Cognitive Behavioural Therapy (CBT)
Cognitive behavioural therapy, or CBT as it is commonly referred to, aims to examine the thoughts and feelings associated with problem behaviour. CBT strategies often include:
o Behavioural interventions
o Cognitive interventions
o Relaxation strategies
o Skills training – problem solving, social skills, goal setting, problem solving
This type of therapy combines a number of aspects from various other therapies into one model. It is used to help people recognise and break-through their self-defeating patterns of behaviour that are unhelpful, replacing them with more healthier ways of thinking and being. This type of approach is best used for exploration during longer term therapy.
Interpersonal Therapy (IPT)
Interpersonal therapy is often used to assist in the treatment of depression and low mood. This is a short-term treatment which focuses on how the individual is functioning within interpersonal situations such as work, and social roles.
Eye Movement Desensitisation Reprocessing (EMDR)
Sometimes when a person has experienced something that is particularly distressing, all the thoughts, feelings, sights, sounds, and even smells are stored in the nervous system separately to other, less distressing memories, and so they become “trapped” somehow. Then, each time a reminder of the event comes along, the person is “triggered” with emotions coming up that seem uncontrollable.
EMDR works to unlock the trapped thoughts and feelings so that they can be processed properly by the brain. Recounting every detail of the distressing event in the therapy session is not necessary, and you are in control throughout the whole process.
EMDR is most commonly used to treat Post Traumatic Stress Disorder (PTSD) but may also be effective for other issues such as anxiety and phobias.
Dialectical Behaviour Therapy (DBT)
DBT is a useful therapy to help people who have trouble regulating their emotions, have low tolerance for distress, as well as ineffective interpersonal relationships. It is often used for people diagnosed with Borderline Personality Disorder (BPD) but the strategies taught can be easily transferred to other people needing skills training in these areas.
Skills taught include:
- mindfulness (to help accept reality as it is),
- emotional regulations skills (to respond rather than react to emotions when they occur, and then to make appropriate changes within themselves or the environment around them),
- interpersonal effectiveness (identifying needs and asking for them in an assertive rather than aggressive manner; learning how to say NO; accepting others saying NO; dealing with conflict; effective communication)
- distress tolerance (learning how to accept distressing emotions without trying to alter them or be different in any way)
Gestalt psychotherapy works through a framework of awareness and mindfulness.

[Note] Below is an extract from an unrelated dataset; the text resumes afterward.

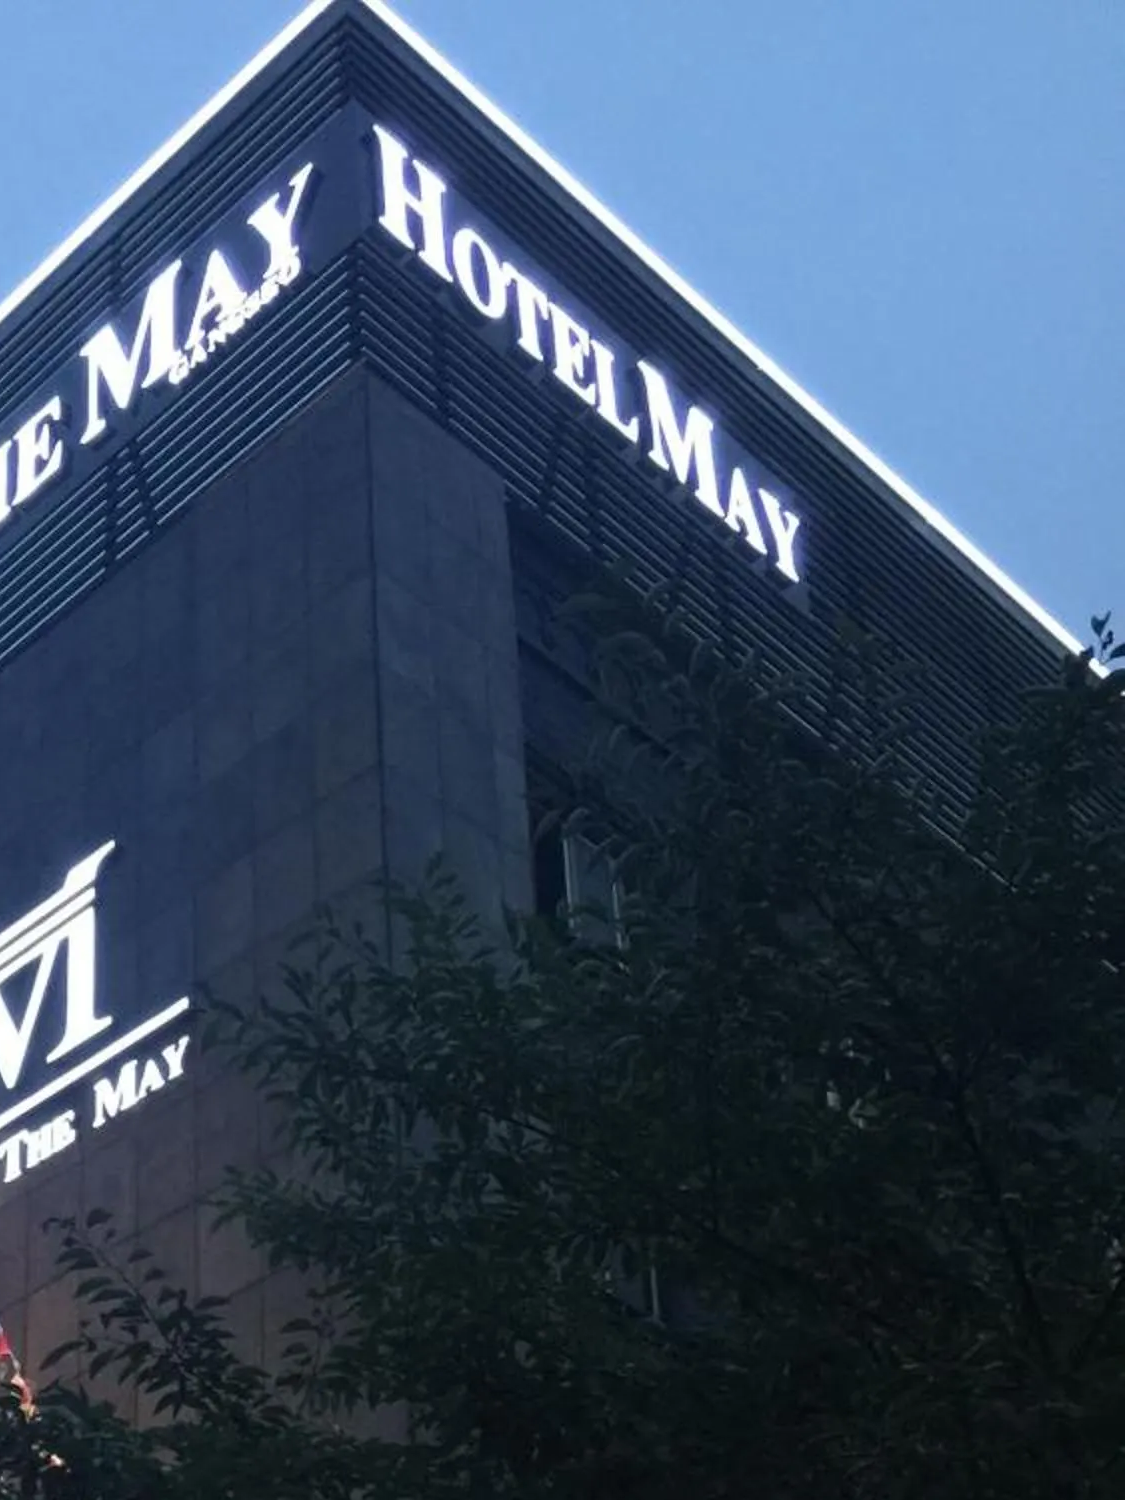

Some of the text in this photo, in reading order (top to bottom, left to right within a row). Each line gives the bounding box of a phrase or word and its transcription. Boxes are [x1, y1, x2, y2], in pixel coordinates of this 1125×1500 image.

[78, 161, 313, 446] MAY
[372, 123, 801, 584] HOTEL MAY
[91, 1035, 190, 1129] MAY

It aims to help the individual develop their own self-awareness so that they can understand what is going on for them in the here-and-now and make a behavioural choice based on that understanding, not what they assume to be true. For example, if an individual knows that something from their past has triggered an emotional response in the present moment, they are more able to step back from it and support themself at the time, rather than potential overwhelm. Or, for someone who experiences panic attacks, if they are more aware of how their body feels as anxiety starts, they are more able to start using practical strategies before it leads to a full-blown panic attack.
This is a useful strategy to help people when they feel ambivalent about making a decision to change. It explores barriers to change, as well as the potential gains from making the change. Motivational interviewing aims to increase and individual’s readiness to change by helping them through the stages of planning, making and maintaining the change.
Having knowledge is power, and it has been shown that by educating people who have a mental health condition, and their families, it helps to empower them to understand and better manage their condition.